My rheumatologist started me on methotrexate and after six months with no change, we added Humira.

Humira was amazing. I had so much energy, I could walk, and after almost a year, I could finally bend my arm. I am quite positive I was right on the cusp of remission.

Fast forward nine months. A seemingly harmless cough morphed into a nasty chest infection that took months to clear with various concoctions of antibiotics. I ended up with a permanent diagnosis of asthma.

Since my illness in 2013, I tried Orenica. I tried Enbrel. Nothing. I convinced my rheumatologist to please let me try Humira again. I did and instantly got a fungal infection, plus a sinus infection. I even had sinus surgery- desperate to get back what Humira once gave me. It was no use, I kept getting sick.

I moved on to Simponi Aria infusions in the fall of 2016 and gave them a solid nine months to work. Nothing.

It is now fall of 2017 and I’ve had my two loading doses of Rituxan. And guess what? Something! My fatigue got better right away, my stiffness is almost gone, and my pain is more manageable. But guess what?

As of today, I’m now sick for the second time in a month.
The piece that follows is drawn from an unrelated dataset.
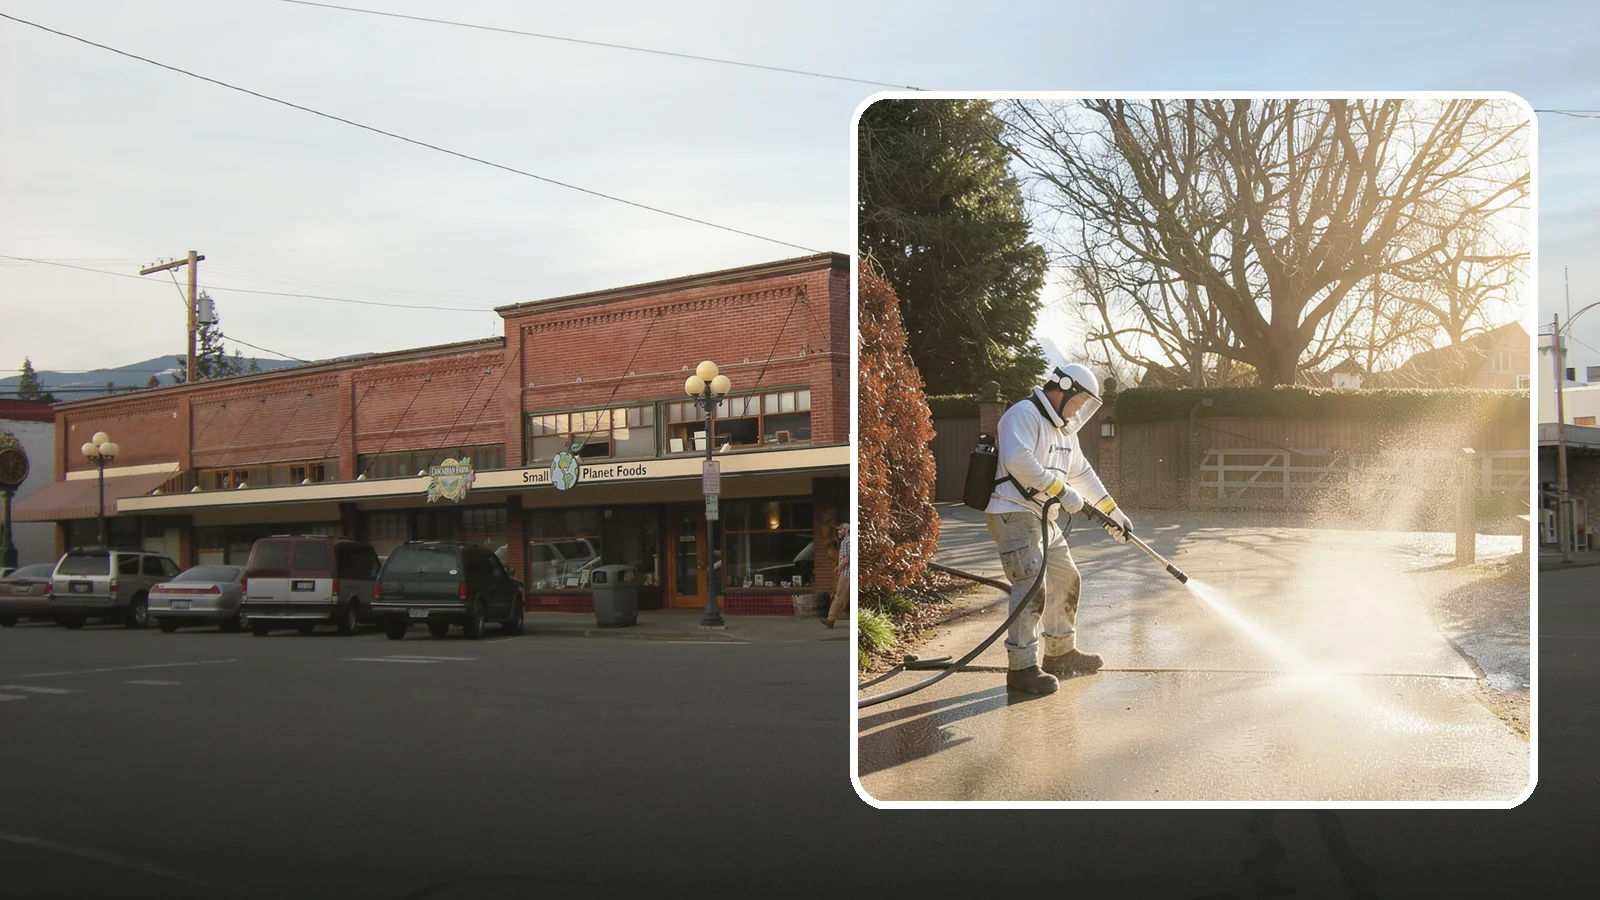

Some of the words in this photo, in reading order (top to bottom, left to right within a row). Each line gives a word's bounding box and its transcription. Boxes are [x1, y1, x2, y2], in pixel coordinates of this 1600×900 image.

[523, 470, 549, 483] Small
[582, 467, 614, 479] Planet
[616, 464, 647, 477] Foods
To say I’m discouraged would be a massive understatement. I have had Rheumatoid Arthritis for less than 6 years and I am already on my 5th biologic and just had my 5th surgery in June.

I feel that I have to pick between two evils: do I want to live in pain with limited mobility, while this disease attacks my organs? Or do I want to be able to bend my arm and walk down the stairs but I’ll be horribly ill and not strong enough to fight a serious infection?

In short, do I want to be stiff or sick?